Yekaterinburg, traditionally the centre of the mining and metal-bashing industry, is a microcosm of Russia’s economy. Until recently it has been flush with money, mostly from natural resources and cheap credit, spent in sprawling supermarkets, restaurants and car dealerships. Oil, gas and metals make up around 80% of Russia’s exports, and until recently their prices were rising fast. For the past five years the economy has been growing at about 7% a year. Measured in dollars the rise has been much faster. Some of this money has been stashed away into a stabilisation fund, but a large portion has been fuelling an unprecedented consumer boom. Real incomes have more than doubled since 1999 and the growth in retailing has averaged 12% a year.
In a country so long starved of good restaurants, hotels and shops, it was natural that consumers should take a lead role, says Andrei Illarionov, a former economic adviser to Vladimir Putin and now one of his fiercest critics. Besides, there is so much uncertainty around that most people would rather spend than save.
But there has been plenty of capital investment too, though mostly in extractive industries. Fixed investment last year rose by a record 21% on the year before, although it remains relatively low.
Private initiative, freed up by the market reforms of the 1990s, became the main force behind Russia’s economic recovery after the 1998 crisis.
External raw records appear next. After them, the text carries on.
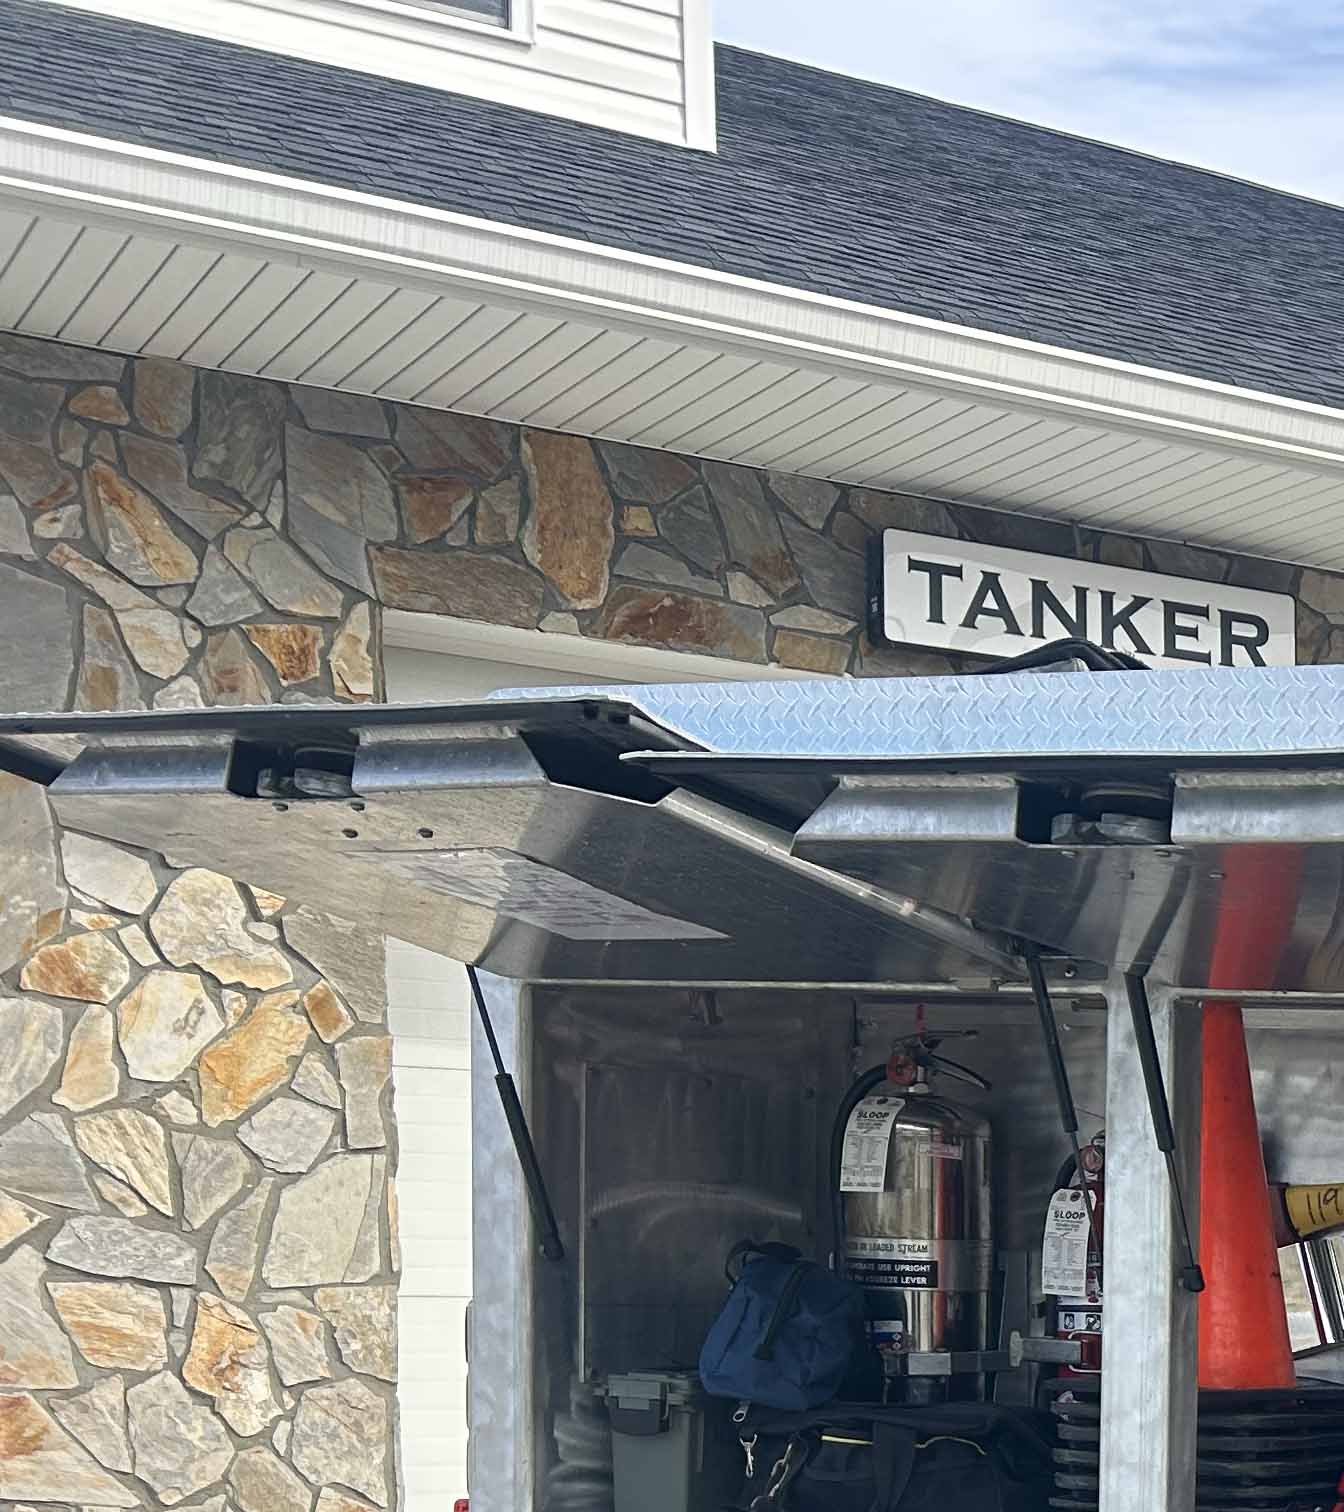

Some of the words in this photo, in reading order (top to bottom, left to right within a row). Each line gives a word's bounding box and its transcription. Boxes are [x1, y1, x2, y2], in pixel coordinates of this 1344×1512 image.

[907, 555, 1271, 667] TANKER
[857, 1111, 889, 1119] SLOOP
[1053, 1210, 1086, 1220] SLOOP
[897, 1243, 929, 1254] STREAM
[894, 1264, 931, 1273] UPRIGHT
[900, 1276, 928, 1285] LEVER
Growth was particularly strong in sectors that were not weighed down by any Soviet legacy, such as mobile telecoms. But private ownership was also transforming Soviet-era behemoths.
Proud to be private
One example is Uralelectromed, a large copper producer in the Urals, which is partly owned by Andrei Kozitsyn. In the past five years the company’s revenues have tripled. It has used the money to install a new production line, along with the latest American equipment. To add value, it has begun to produce high-quality wire, which it exports to Europe. “We had to be competitive, otherwise we were meaningless,” says Mr Kozitsyn. Having started as a worker in the factory, he rose to the top because he wanted to be in business. But these days, he says, young people prefer bureaucratic careers.
Tax revenues from his industry provide about 40% of the Ural region’s budget. But the government has used the money to pay higher salaries to its employees, recruit more of them and renovate offices rather than build new roads and railway lines, which companies like Uralelectromed badly need.
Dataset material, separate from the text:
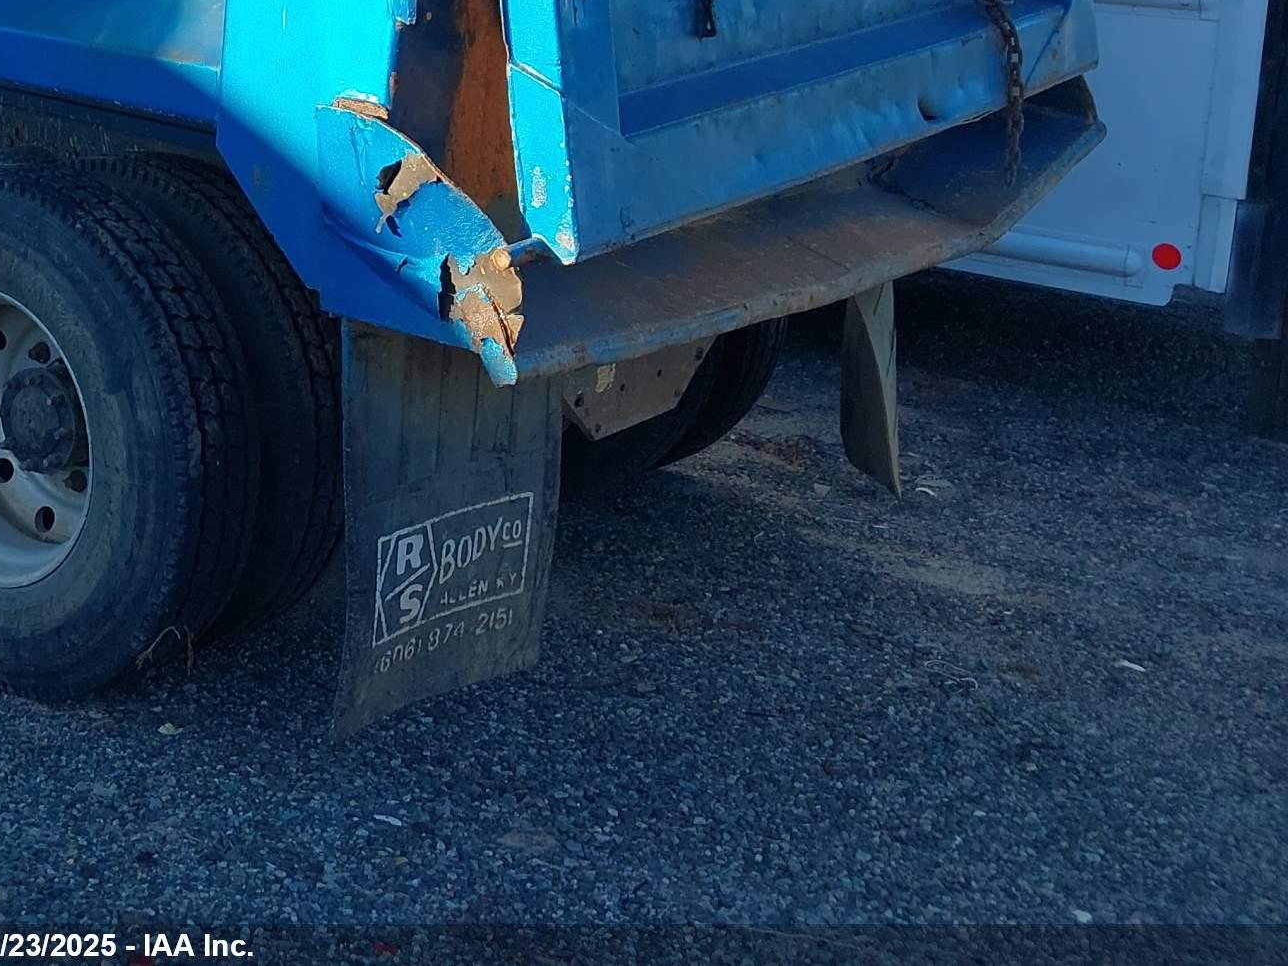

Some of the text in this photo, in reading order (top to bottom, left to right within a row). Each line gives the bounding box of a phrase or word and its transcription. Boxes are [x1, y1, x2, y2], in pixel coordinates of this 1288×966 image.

[396, 534, 424, 576] R
[439, 516, 503, 584] BODY
[399, 584, 423, 624] S
Crucially, the government failed to use the good times to diversify the economy, clean up its banking system, reform capital markets, strengthen property rights and establish the rule of law. As long as the oil price was going up, nothing that Russia did—from the overt expropriation of Yukos, a giant Russian oil company, to forcing foreign oil companies out of production-sharing agreements—seemed to stop the flow of money into the Russian stockmarket. The job of raising capital was outsourced to foreign banks and capital markets. They lent money to state companies such as Gazprom and Rosneft whose debts were implicitly backed by the government.
This uncontrolled corporate borrowing undid the government’s success at repaying state debt, building up foreign-exchange reserves and setting up a stabilisation fund in which to accumulate some of the oil revenues. At the end of June Russia’s total external debt was $527 billion. Its total reserves in November were $475 billion.
Mr Putin boasted that the net inflow of capital had reached $80 billion last year and total foreign investment had risen to 9% of Russia’s GDP. But only a quarter of this was foreign direct investment; the rest came in the form of loans and portfolio investments. As Kirill Rogov of the Institute of Economy in Transition, a think-tank, explains, this reflected the strength of Russia’s reserves and the weakness of its investment climate. Whereas other emerging economies were fighting tooth and nail for direct investment, Russia was borrowing cheaply instead, he says.
When the world economy started to wobble, the government increased its spending by 40% to boost consumption, says Evgeny Gavrilenkov, chief economist at Troika Dialog, an investment bank. With demand outpacing supply, the Russian economy started to overheat. Inflation topped 15% during the summer. Held back by red tape, the strong rouble and weak property rights, Russian industrial production grew by 5.4% in the first nine months of this year and imports in the same period shot up by 42%. Yekaterinburg is full of department stores, but hardly anything that is sold in them is produced around there. What is made locally is tanks, exports of which did go up last year.
Even as the Russian stockmarket went into a nosedive, Mr Putin insisted that Russia had escaped the financial crisis. On September 13th, in an interview with France’s Le Figaro, he gloated: “We did not have a crisis of liquidity; we did not have a mortgage crisis [like America or Europe]. We did not have it, we escaped it.”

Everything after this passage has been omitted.